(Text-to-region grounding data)

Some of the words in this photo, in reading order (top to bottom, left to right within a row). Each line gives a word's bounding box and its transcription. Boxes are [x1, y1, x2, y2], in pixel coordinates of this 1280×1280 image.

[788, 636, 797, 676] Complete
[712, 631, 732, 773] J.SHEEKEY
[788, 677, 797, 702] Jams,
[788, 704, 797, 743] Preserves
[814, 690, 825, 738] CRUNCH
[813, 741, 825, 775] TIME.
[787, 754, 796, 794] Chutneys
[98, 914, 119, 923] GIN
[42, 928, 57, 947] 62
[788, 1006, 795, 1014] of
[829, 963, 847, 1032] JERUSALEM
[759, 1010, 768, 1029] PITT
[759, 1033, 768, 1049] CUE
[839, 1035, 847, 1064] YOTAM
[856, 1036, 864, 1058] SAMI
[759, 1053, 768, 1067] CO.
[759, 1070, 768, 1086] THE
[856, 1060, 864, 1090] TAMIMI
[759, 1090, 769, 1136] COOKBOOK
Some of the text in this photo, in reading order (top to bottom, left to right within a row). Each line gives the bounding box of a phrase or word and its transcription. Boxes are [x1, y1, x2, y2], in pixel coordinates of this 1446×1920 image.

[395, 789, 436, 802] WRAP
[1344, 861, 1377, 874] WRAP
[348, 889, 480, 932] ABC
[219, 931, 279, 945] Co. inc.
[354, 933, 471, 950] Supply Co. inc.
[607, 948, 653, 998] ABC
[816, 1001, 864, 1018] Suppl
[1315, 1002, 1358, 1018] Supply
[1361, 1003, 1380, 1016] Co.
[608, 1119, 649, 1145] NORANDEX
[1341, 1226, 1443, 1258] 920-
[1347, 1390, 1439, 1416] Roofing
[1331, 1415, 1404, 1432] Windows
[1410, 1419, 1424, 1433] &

YOUR OBJECTIVE: Having read the entries above, set each one down again exactly.

OUTPUT FOR THIS TASK:
Some of the words in this photo, in reading order (top to bottom, left to right within a row). Each line gives a word's bounding box and its transcription. Boxes are [x1, y1, x2, y2], in pixel coordinates of this 1280×1280 image.

[788, 636, 797, 676] Complete
[712, 631, 732, 773] J.SHEEKEY
[788, 677, 797, 702] Jams,
[788, 704, 797, 743] Preserves
[814, 690, 825, 738] CRUNCH
[813, 741, 825, 775] TIME.
[787, 754, 796, 794] Chutneys
[98, 914, 119, 923] GIN
[42, 928, 57, 947] 62
[788, 1006, 795, 1014] of
[829, 963, 847, 1032] JERUSALEM
[759, 1010, 768, 1029] PITT
[759, 1033, 768, 1049] CUE
[839, 1035, 847, 1064] YOTAM
[856, 1036, 864, 1058] SAMI
[759, 1053, 768, 1067] CO.
[759, 1070, 768, 1086] THE
[856, 1060, 864, 1090] TAMIMI
[759, 1090, 769, 1136] COOKBOOK
Some of the text in this photo, in reading order (top to bottom, left to right within a row). Each line gives the bounding box of a phrase or word and its transcription. Boxes are [x1, y1, x2, y2], in pixel coordinates of this 1446×1920 image.

[395, 789, 436, 802] WRAP
[1344, 861, 1377, 874] WRAP
[348, 889, 480, 932] ABC
[219, 931, 279, 945] Co. inc.
[354, 933, 471, 950] Supply Co. inc.
[607, 948, 653, 998] ABC
[816, 1001, 864, 1018] Suppl
[1315, 1002, 1358, 1018] Supply
[1361, 1003, 1380, 1016] Co.
[608, 1119, 649, 1145] NORANDEX
[1341, 1226, 1443, 1258] 920-
[1347, 1390, 1439, 1416] Roofing
[1331, 1415, 1404, 1432] Windows
[1410, 1419, 1424, 1433] &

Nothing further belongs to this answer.